Senin, 27 September 2010

Pengaruh pendidikan tingkat prasarjana dalam keahlian komunikasi: sebuah trial klinis terkontrol acak

Abstrak

Tujuan: Untuk menentukan apakah mahasiswa meningkat keahlian komunikasinya sebagai akibat dari perawatan pasien yang terawasi dan apakah kursus komunikasi yang baru diimplementasikan bisa lebih meningkatkan keahlian-keahlian ini.

Metode: Kami melakukan sebuah trial terkontrol acak yang mencakup semua partisipan mahasiswa yang studinya sudah dalam dalam tahap kursus perawatan klinis pertama (n = 26) dari Oktober 2006 sampai Februari 2007. Pengacakan diseimbangkan berdasarkan jender dan keahlian komunikasi dasar. Kelompok tes mempraktekkan keahlian komunikasi pasien-dokter gigi pada kelompok-kelompok kecil dengan memainkan peran dan wawancara dengan pasien sebenarnya yang direkam dengan tape, sedangkan kelompok kontrol belajar dalam loka-karya berbasis masalah setiap pekan. Sebelum dan setelah wawancara (dua kelompok sebelum dan setelah desain) semua mahasiswa melakukan dua wawancara dengan pasien-pasien yang distimulasi. Pertemuan ini diberi nilai dengan menggunakan checklist 10-pertanyaan yang diambil dari Calgary-Cambridge Observation Guide I.

Hasil: Ukuran ANOVA berulang (α = 0,05) menunjukkan perbedaan signifikan antara skor jumlah rating antara kelompok tes dan kelompok kontrol (P = 0,004). Partisipan yang dididik dalam hal keahlian komunikasi mengalami peningkatan signifikan (Δ = +14,9; P = 0,004), sedangkan pada kelompok kontrol tidak ada pertambahan kompetensi komunikasi praktis yang diamati (Δ = -3,9; P = 0,23).

Kesimpulan; Bisa ditunjukkan bahwa semata-mata berinteraksi dengan pasien selama sebuah praktik perawatan klinis tidak meningkatkan keahlian komunikasi profesional.
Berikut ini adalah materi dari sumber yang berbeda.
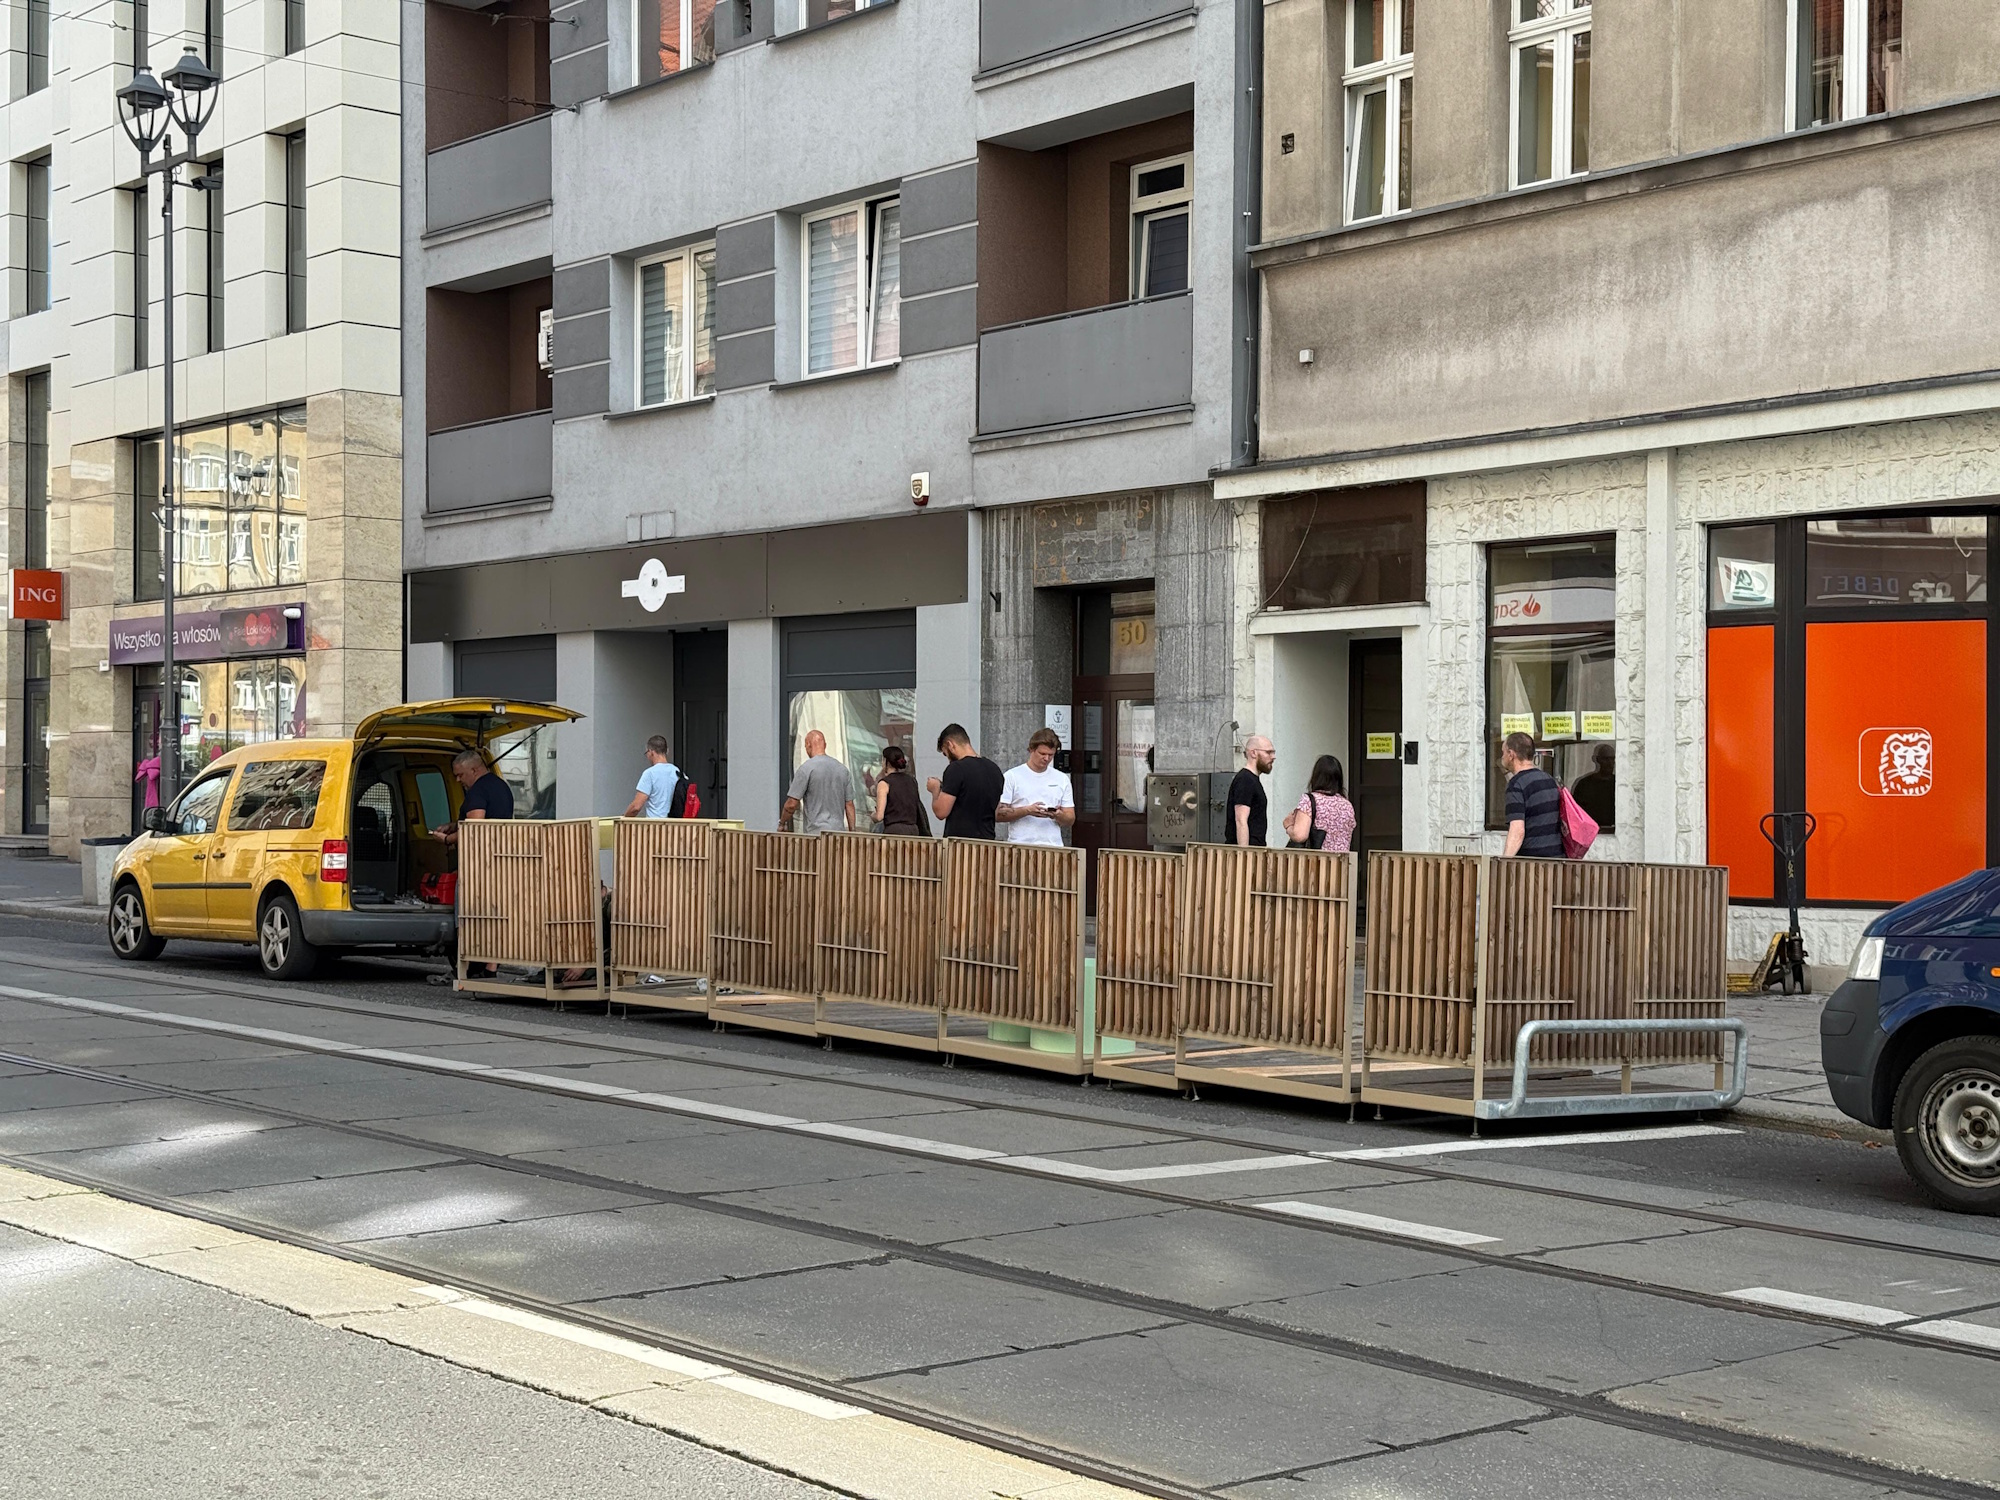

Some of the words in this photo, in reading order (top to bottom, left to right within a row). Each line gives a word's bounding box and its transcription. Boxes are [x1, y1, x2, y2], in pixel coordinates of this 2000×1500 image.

Sebaliknya, implementasi sebuah kursus keahlian komunikasi memperbaiki kompetensi praktis dalam hal interaksi dokter gigi-pasien.

Pendahuluan

Komunikasi yang baik sangat penting bagi praktik klinis dan memiliki banyak efek positif dalam interaksi harian antara dokter (dokter gigi) dan pasien: perbaikan bisa ditemukan untuk kesehatan pasien, pelaporan sendiri pasien tentang keadaan kesehatannya, kualitas dan kuantitas informasi yang diperoleh, atau pembentukan hubungan terapeutik. Lebih lanjut, kepuasan pasien dan dokter meningkat dan menurunnnya jumlah trial malpraktik yang telah dilaporkan. Dalam hal ini, semakin banyak yang berminat dalam kedokteran dan kedokteran gigi untuk memadukan pengajaran komunikasi dalam kurikulum dan untuk menentukan target-target pembelajaran untuk tingkat-tingkat kualifikasi berbeda pada pendidikan klinis pra dan pasca sarjana. Organisasi Kesehatan Dunia menentukan kriteria dokter yang baik dalam lima atribut umum sebagai seorang komunikator yang sangat baik.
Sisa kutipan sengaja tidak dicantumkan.